▶ WHAT IS EXPECTED
Write the records out exactly as they read, but not the pictures.

──────── SOURCE DATA ────────

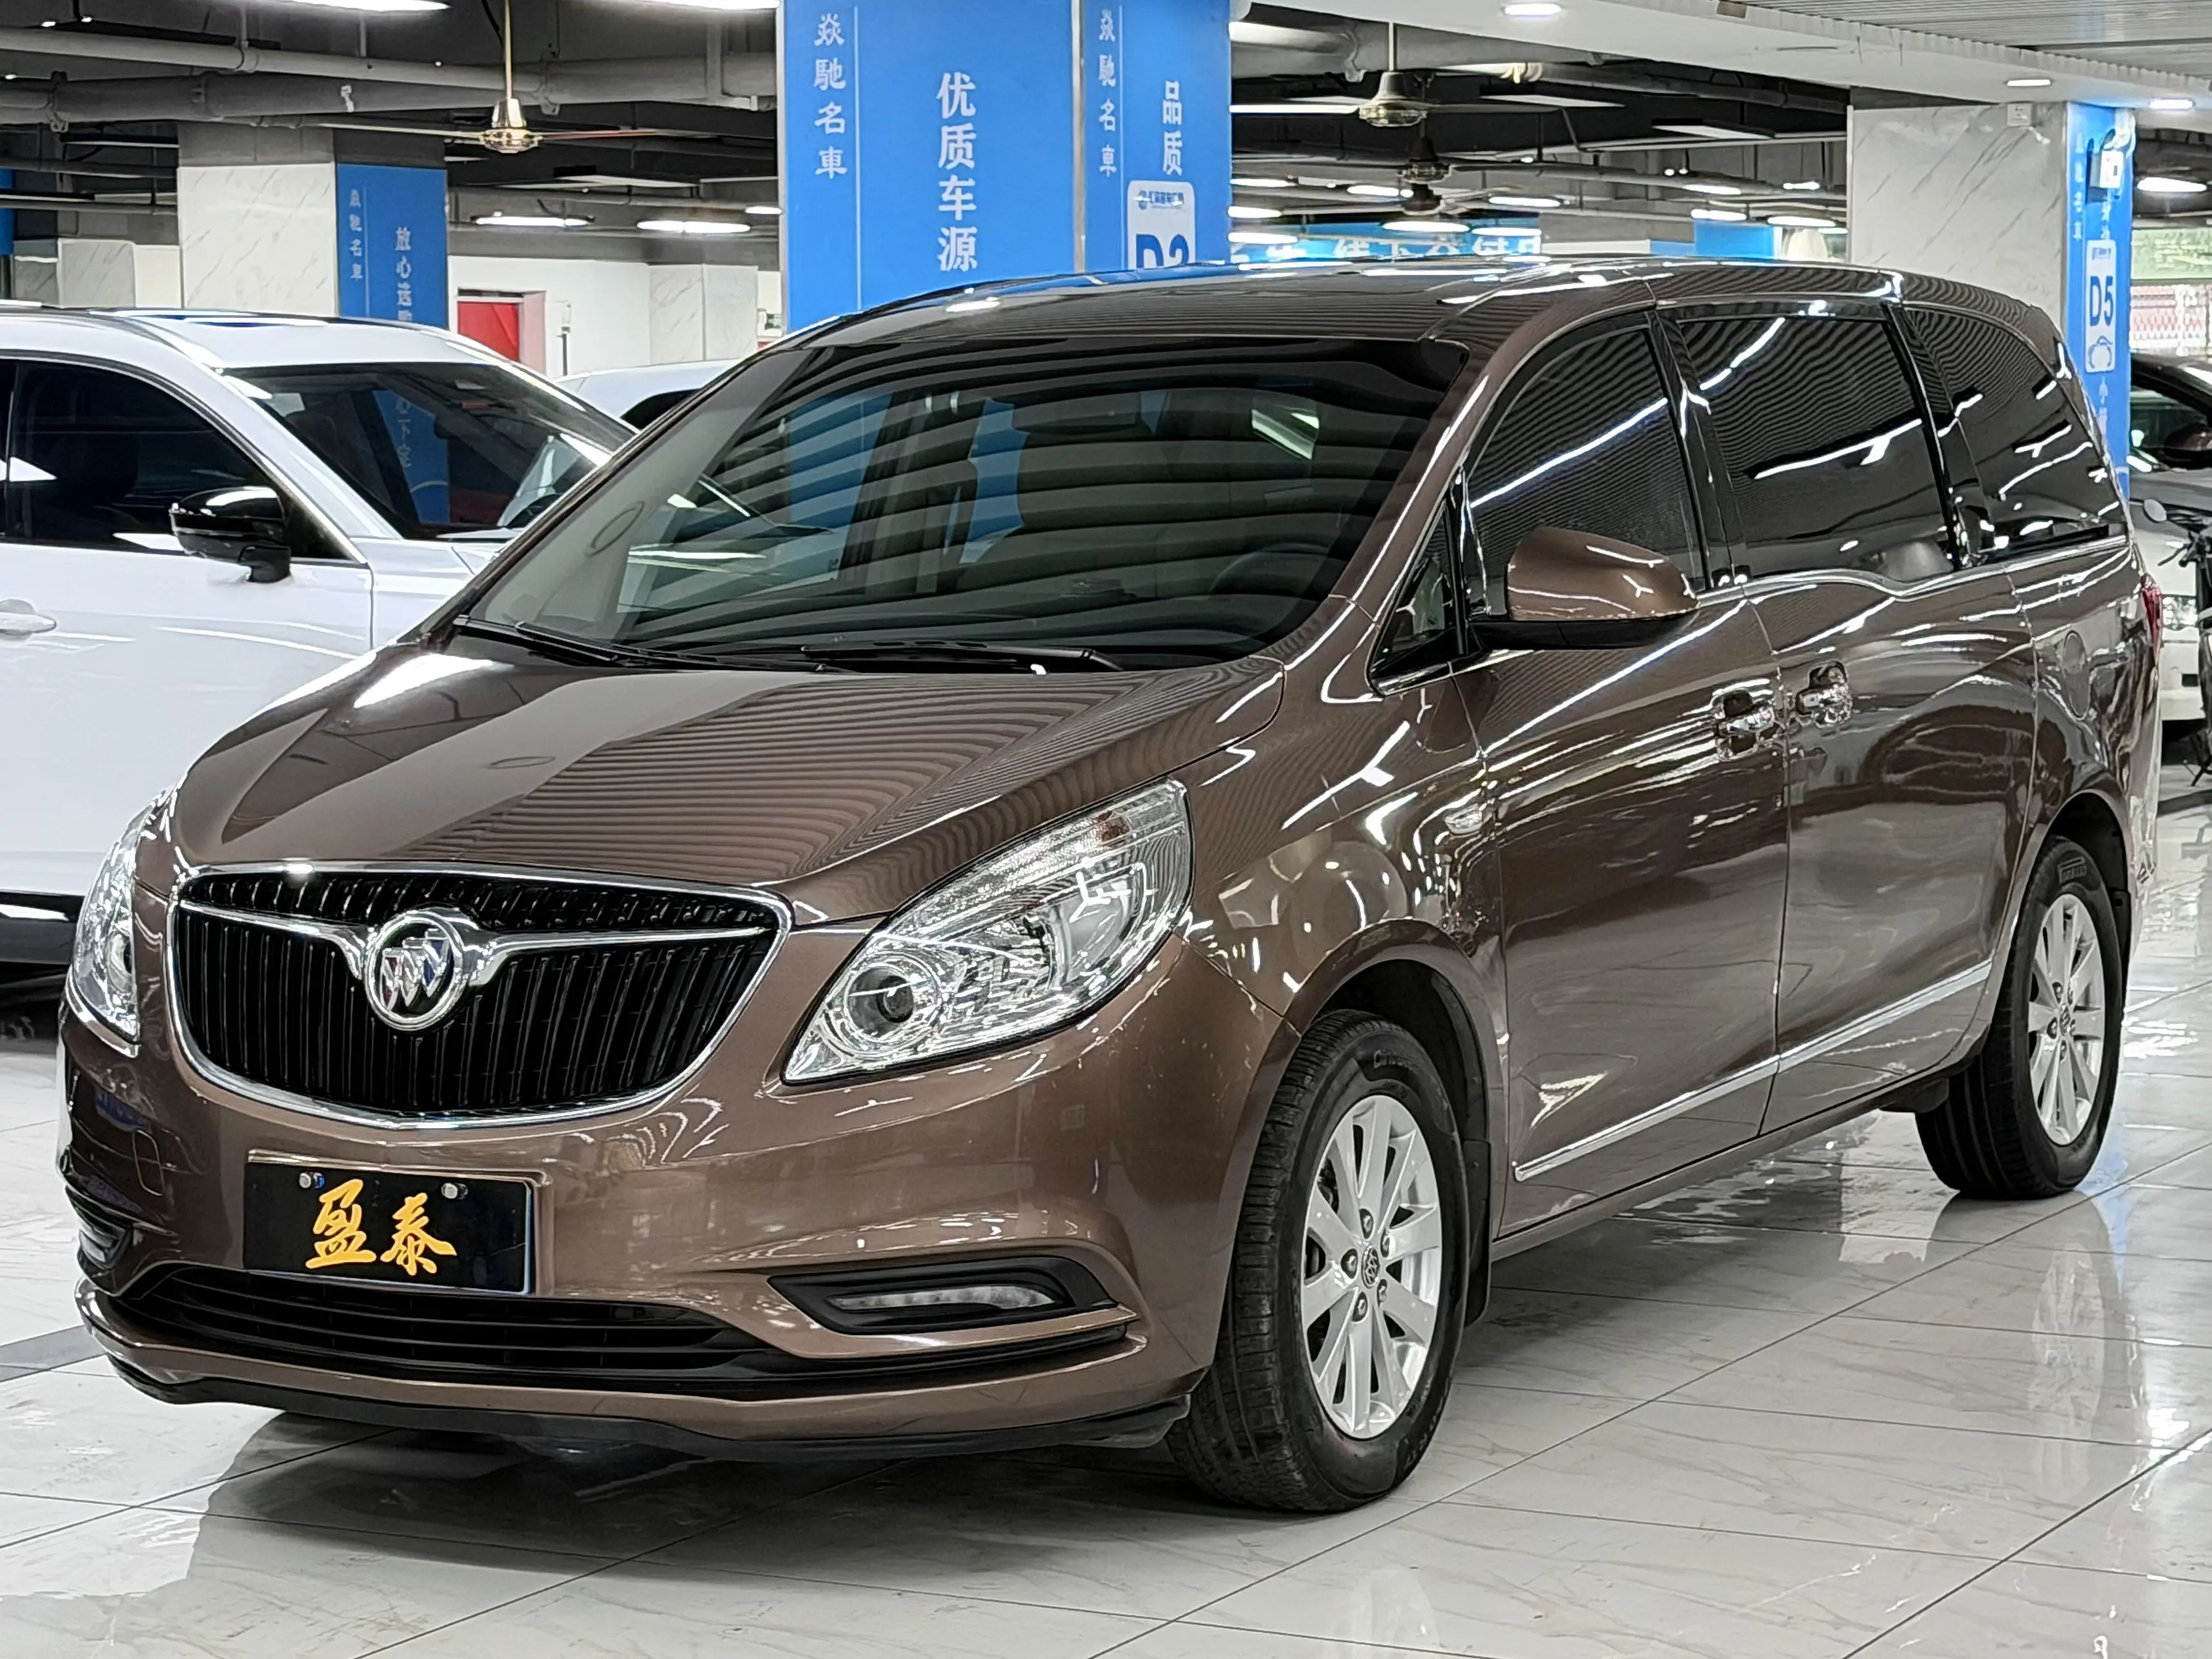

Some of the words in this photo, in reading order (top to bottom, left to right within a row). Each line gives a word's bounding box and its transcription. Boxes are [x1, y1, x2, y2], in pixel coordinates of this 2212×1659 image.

[936, 72, 978, 273] 优质车源
[1162, 80, 1183, 177] 品质
[2089, 275, 2114, 327] D5
[305, 1178, 457, 1276] 盈泰

────────

▶ YOUR RESPONSE
Some of the words in this photo, in reading order (top to bottom, left to right within a row). Each line gives a word's bounding box and its transcription. Boxes are [x1, y1, x2, y2], in pixel coordinates of this 2212×1659 image.

[936, 72, 978, 273] 优质车源
[1162, 80, 1183, 177] 品质
[2089, 275, 2114, 327] D5
[305, 1178, 457, 1276] 盈泰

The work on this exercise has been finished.